Tonight I wrote at Starbucks until closing on a piece I am writing for work. I've been struggling to find a framework to hold up the story--one that will include all of the characters I've interviewed; the nuclear radiologist who lives on the hill, the certified embalmer who taught me what "pot-fixing" a body is, and also the Master of Peruvian Surgery, an honor that has only been given to three surgeons in the history of the country. It just hasn't been coming together. Until tonight. My friend Tommy once told me that there is a documented headache that people get before they make a discovery or have a breakthrough. I think he meant people like Thomas Edison or Einstein, but I have gone ahead and assumed the theory could apply to me, and so now every time I wanna rip my hair out because I'm not getting anywhere, I just think, "Discovery=Around the Corner." Tonight, the breakthrough came right after a man off the street, who was talking to himself and trying to talk to me, swung an arm at a man passing him in Starbucks. He missed, and there wasn't much punch to his swing anyway, but it sure did give me a good jolt and render me fully alive in the world! After that, and probably completely unrelated to it, my piece came together. We'll see how it turns out. Sometimes I think I've got something and when I wake up, I read it and think, "This will never do!"
On my drive home, I was approaching the I405 which I needed to pass under in order to get to the apartment. As I got closer I could have sworn that the arrow in my lane said, THIS LANE EMILY. For a second it just felt good to be on the right path. Then, as I got closer, I realized it said, THIS LANE ONLY which felt a little less providential.
After parking my car, I made my way through the courtyard of the apartment complex I'm staying at. As I walked, I started thinking about how crazy I can be sometimes. And by that I mean kind of beating myself up for how stressed I get about stuff and the way I am driven by this strange blend of perfectionism and freedom, rootlessness and yet strong, loyal ties--it all makes me a little unpredictable at times. I just kept thinking about how this one boy told me I was "OUT. OF. CONTROL!" and how I didn't feel defensive about it so much as a little twanged by embarrassment, knowing it was a little true.
But right then, in the middle of that thought, after pushing the button for the elevator, this other thought came out of nowhere! It was this: You know what? I am going to make a damn good wife someday! (I used one of my three swear words--sorry grandma!) I mean, I'm completely aware that there are parts of me that will not make an ideal person to live with. I'm forgetful. I also get stressed. I also am not a very good cook. I also never wear socks, which some people hate. But despite all of those things, I still think I'm going to be a good wife--whatever that will end up meaning to me. I think I am going to be a good teammate because I will want to be. And that was the other thing Susan Orlean said in her talk the other day; that desire is the number one requirement for pulling something off. You've got to have some heart invested in it.

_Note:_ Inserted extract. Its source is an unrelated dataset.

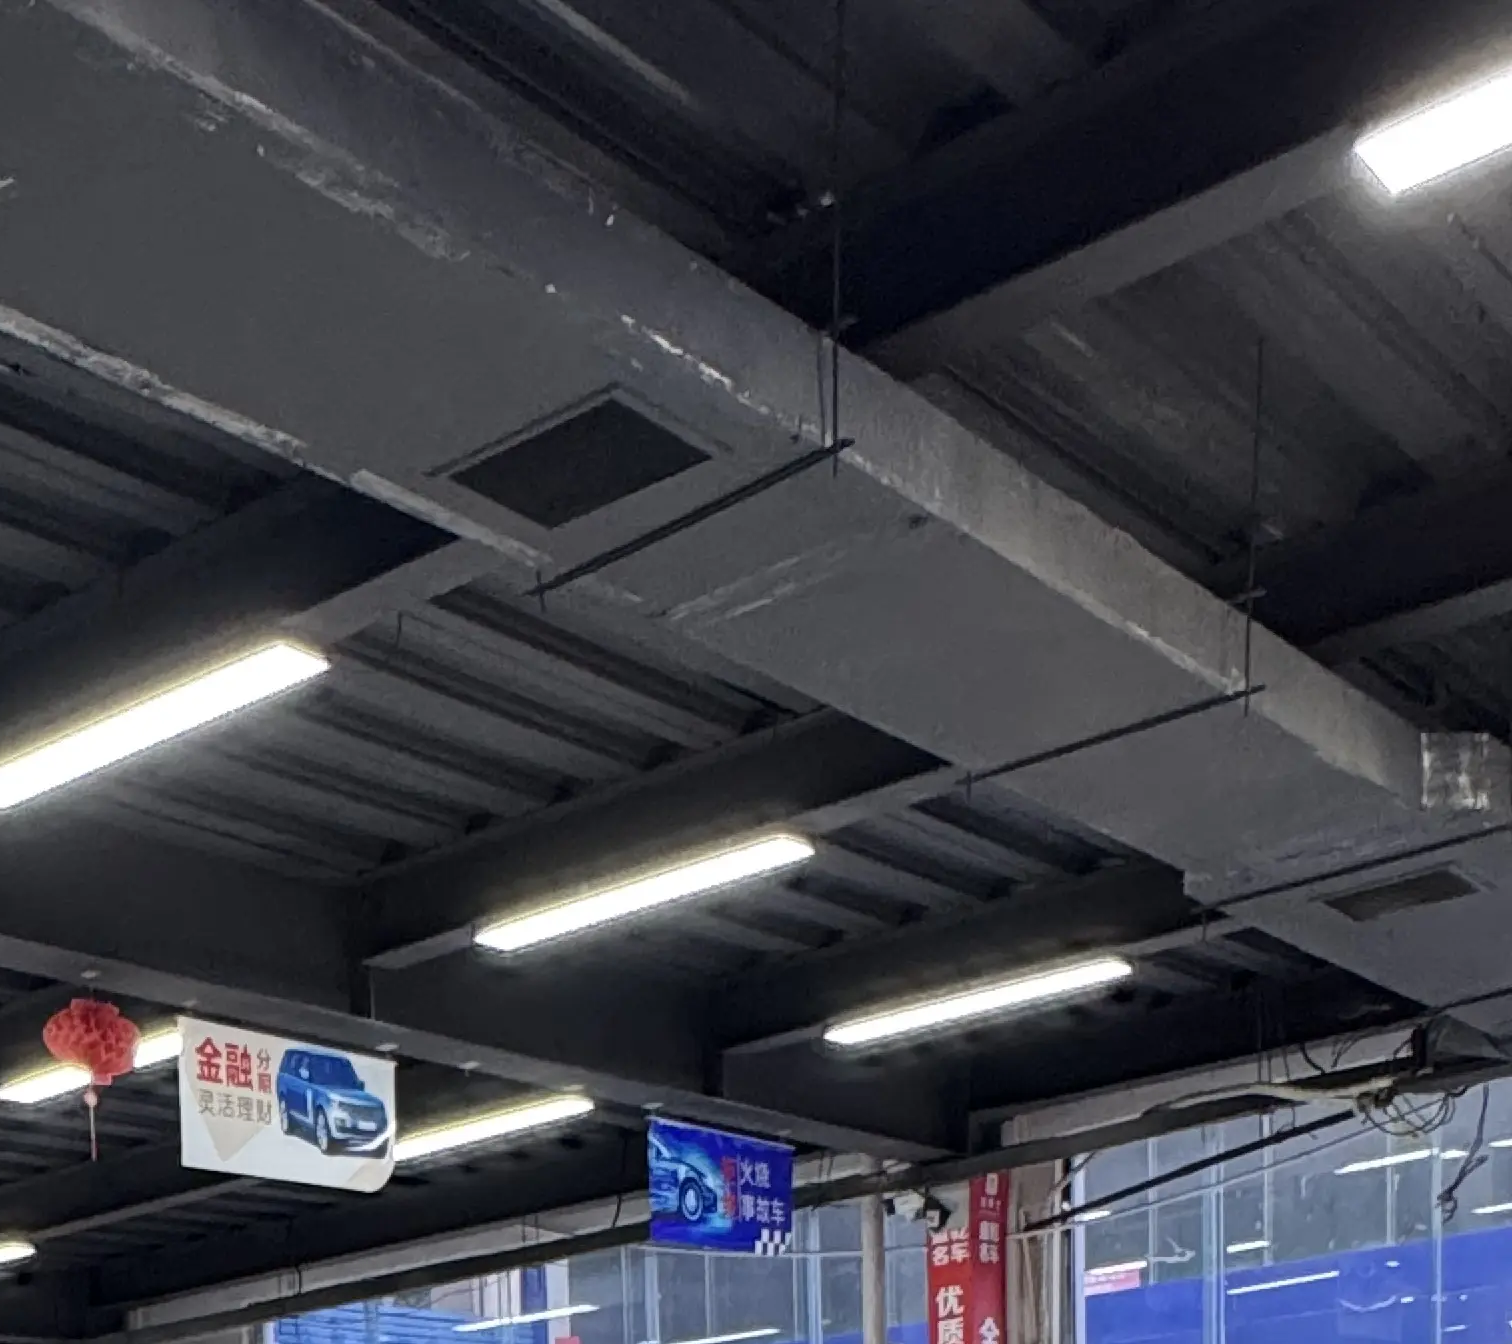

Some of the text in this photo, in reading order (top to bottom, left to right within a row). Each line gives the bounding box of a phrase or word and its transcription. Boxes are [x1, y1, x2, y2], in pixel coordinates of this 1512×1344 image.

[195, 1036, 254, 1091] 金融
[198, 1088, 273, 1126] 灵活理财

Well, that kind of took it out of me and now I'm pretty tired. I have a few more days here in LA before I head back to Loma Linda for a total of 2 hours before flying to Washington, or as one Californian said today, before I "head upstate". My dad sent me a text tonight in his usual no-punctuation form. It said "3 in snow trees flocked see you soon love Dad" which sounded like both a dream and a reality I know so well.